Alpine redevient attractive en Formule 1 et cela pourrait totalement changer les plans de Renault pour l’avenir du projet.

Il y a encore quelques mois, l’idée semblait totalement irréaliste. Après une saison 2025 catastrophique, Alpine donnait surtout l’impression de chercher désespérément un nouveau souffle pour survivre. Pourtant, le début de saison 2026 est peut-être en train de rebattre complètement les cartes autour de l’avenir de l’équipe française.
Derrière les discussions autour de la vente des 24 % détenus par Otro Capital, un paradoxe commence à apparaître : plus Alpine redevient attractive sportivement, moins Renault semble avoir intérêt à ouvrir la porte à un acteur extérieur.
Depuis plusieurs semaines, les noms de Toto Wolff et de Christian Horner circulent activement autour du dossier. Mais chacune de ces pistes pourrait rapidement devenir un casse-tête politique pour Renault.
L’hypothèse Mercedes reste probablement la plus sensible. Même si Alpine a déjà assuré que la marque allemande ne contrôlerait jamais directement l’équipe, voir Mercedes entrer au capital alimenterait immédiatement les soupçons autour d’une forme d’équipe satellite. Renault sait qu’un tel rapprochement déclencherait forcément une énorme vague de critiques.
L’autre scénario autour d’un groupe lié à Christian Horner n’est pas beaucoup plus simple à gérer. L’ancien patron de Red Bull reste une figure extrêmement clivante dans le paddock et son arrivée indirecte dans l’environnement Alpine transformerait immédiatement l’équipe française en nouveau terrain de bataille politique.

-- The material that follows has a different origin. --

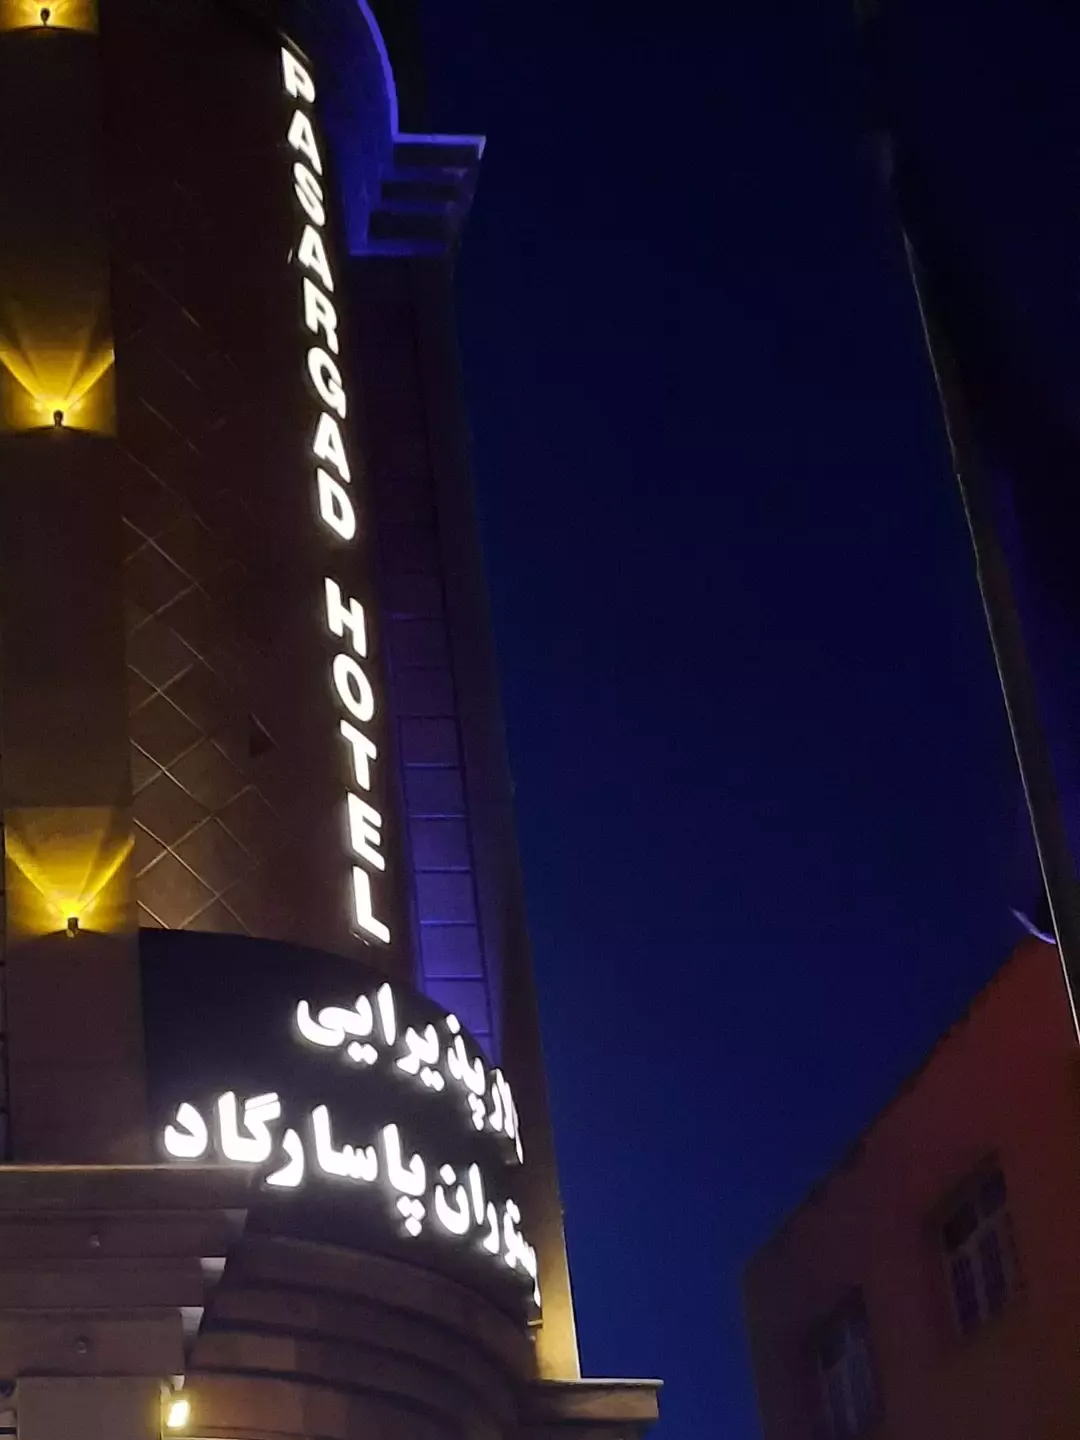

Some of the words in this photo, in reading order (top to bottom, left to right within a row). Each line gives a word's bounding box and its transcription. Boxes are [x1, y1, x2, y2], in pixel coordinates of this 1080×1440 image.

[281, 47, 356, 541] PASARGAD
[325, 577, 391, 944] HOTEL
[163, 1090, 426, 1237] پاسارگاد

Alpine attire désormais beaucoup plus de monde
Contrairement à l’an dernier, Alpine n’est plus aujourd’hui une équipe en difficulté cherchant simplement un soutien financier. Avec déjà 23 points inscrits cette saison et un statut de “meilleur des autres” derrière les quatre grosses écuries, l’équipe d’Enstone commence à redevenir séduisante pour plusieurs grands investisseurs.
Les récentes rumeurs autour de Gucci illustrent parfaitement ce changement d’image. L’arrivée potentielle d’un partenaire aussi puissant pourrait apporter une nouvelle capacité financière à Alpine sans forcément modifier l’équilibre politique interne de l’équipe.
Alpine pourrait finalement choisir de rester seule
Plutôt que de laisser entrer un concurrent ou un investisseur politiquement encombrant, Alpine pourrait progressivement chercher à récupérer elle-même les parts actuellement détenues par Otro Capital.
Le scénario semblait impossible il y a encore quelques mois. Il apparaît aujourd’hui beaucoup plus crédible grâce à l’amélioration des résultats sportifs et au retour de l’attractivité commerciale autour du projet.
Pour Renault, cette solution présenterait un énorme avantage : conserver un contrôle clair sur Alpine tout en évitant les tensions qu’une arrivée de Mercedes ou d’un consortium extérieur provoquerait inévitablement.